[Bug 10467] Making Microsoft .NET 2.0 to work in wine, based on example app FastMD5 1.4 for NET 2.0

wine-bugs at winehq.org wine-bugs at winehq.org
Sun Nov 18 16:23:56 CST 2007


http://bugs.winehq.org/show_bug.cgi?id=10467





--- Comment #10 from Anastasius Focht <focht at gmx.net>  2007-11-18 16:23:55 ---
Hello,

--- quote ---
I'm not sure why you quoting something that's available by scrolling up. But
just in case you need it, you can find it blow.
--- quote ---

I quote the way I like it.
Sometimes its better to respond/comment to _specific_ parts of posts than to
quote everything or nothing.

--- quote ---
You didn't read it right. And you did not search the commit log for _WHY_ Wine
does not use guard page. You really should and also look at all the mentioned
bugs.
--- quote ---

Well I searched and found this last commit:

http://www.winehq.org/pipermail/wine-cvs/2005-December/019888.html

"ntdll: Don't use a real guard page at the bottom of the stack.
A no-access page is enough, we can't properly raise an overflow
exception anyway."

But I didn't found a discussion related to that message that explains "is
enough" and "can't properly raise stack overflow exception".

--- quote MSDN ---
If a thread in an application causes an EXCEPTION_STACK_OVERFLOW exception, the
thread has left its stack in a damaged state.
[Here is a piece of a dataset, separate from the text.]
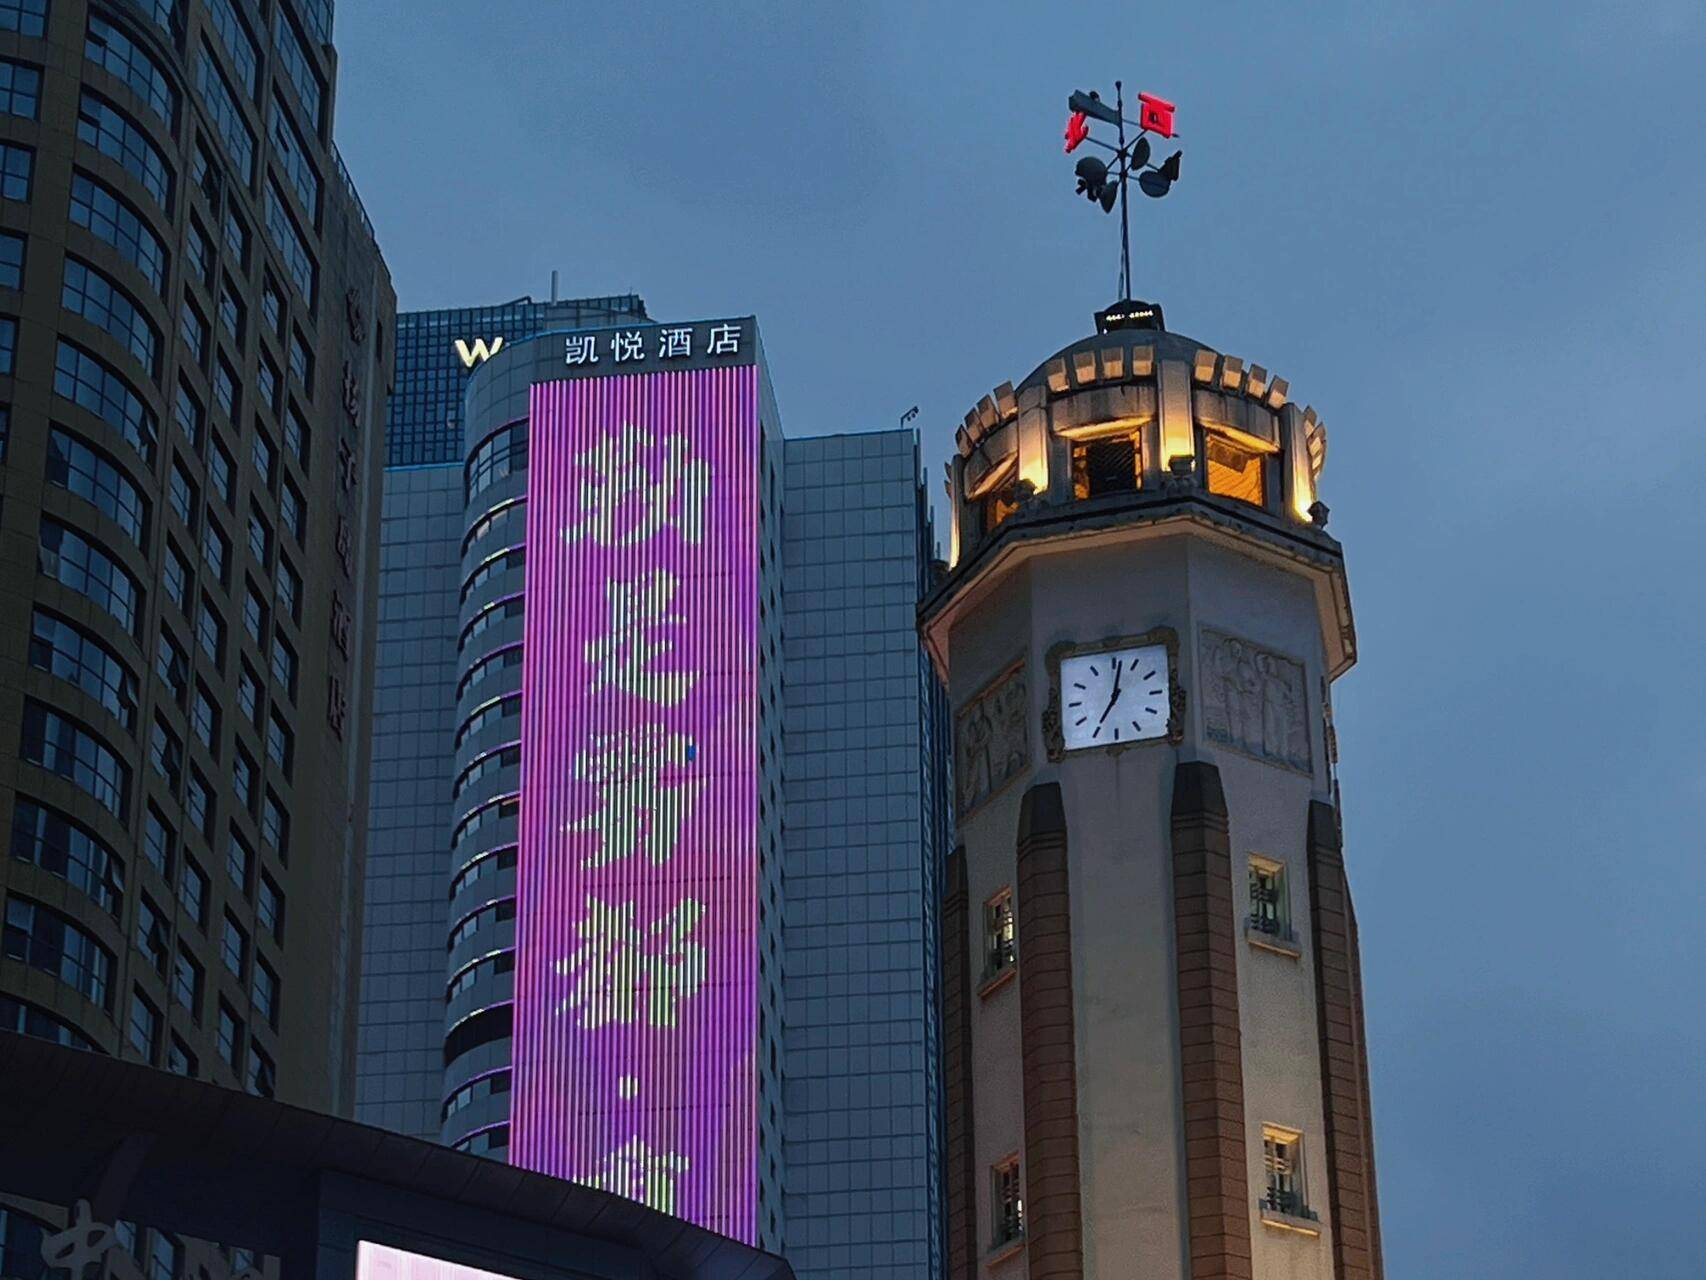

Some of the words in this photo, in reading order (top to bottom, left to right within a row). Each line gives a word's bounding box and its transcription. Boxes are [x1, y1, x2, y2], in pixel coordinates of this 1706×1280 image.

When this maximum stack size is exceeded, the system does the following three
things:
* Removes the PAGE_GUARD protection on the guard page, as previously described.
* Tries to allocate a new guard page below the last one. However, this fails
because the maximum stack size has been exceeded.
* Raises an exception so that the thread can handle it in the exception block.
...
Note that, at that point, the stack no longer has a guard page. The next time
that the program grows the stack all the way to the end, where there should be
a guard page, the program writes beyond the end of the stack and causes an
access violation.
--- quote MSDN ---

So why not having both? Two-layered page guard for thread stacks:

NtProtectVirtualMemory( NtCurrentProcess(), &teb->DeallocationStack, &size,
PAGE_NOACCESS, NULL );
NtProtectVirtualMemory( NtCurrentProcess(), &teb->Tib.StackLimit, &size,
PAGE_GUARD, NULL );

   -- stack bottom --
   PAGE_NO_ACCESS -> raise access violation / die
   PAGE_GUARD -> "last chance", raise EXCEPTION_STACK_OVERFLOW (and reset the
guard if necessary)
   ..
   PAGE_READ_WRITE/EXECUTE whatever -> normal stack pages
   ..
   current callstack
   -- stack top --

When the PAGE_GUARD page is touched, remove the PAGE_GUARD flag *and* raise
EXCEPTION_STACK_OVERFLOW.
This gives the executing thread the chance to actually do something within
"last chance" 4K page limit, cleanup, error reporting whatever.
If the app structured exception handler - which catches
EXCEPTION_STACK_OVERFLOW - tries to touch/walk the stack further, then the
PAGE_NO_ACCESS comes into play (causing nested exception).
This could be the access violation exception described in MSDN (quote).
With this mechanism wine doesn't need to implement dynamically grown PAGE_GUARD
stack and pleases applications that expect a PAGE_GUARD flagged page (like
.NET) and some sort of EXCEPTION_STACK_OVERFLOW.
Better than dying in very last NO_ACCESS page without telling the real cause:
stack overflow.

-- quote ---
I'm telling you that stuff like starforce and securerom _WILL_ crash if you
don't grow stack on guard page access. It HAVE TO be gown, or it HAVE TO BE no
access page as it is now. Your hack is just that - a hack. It can not be used
as is without implementing stack growth.
-- quote ---

Show me the code/disassembly snippet of Securom illustrating NO_ACCESS vs.
PAGE_GUARD  problem at stack bottom.
I reversed various copy prot stuff and the stack wipe is NOT an issue there
(even retested the bottom PAGE_GUARD patch for v6 and v7 just in case).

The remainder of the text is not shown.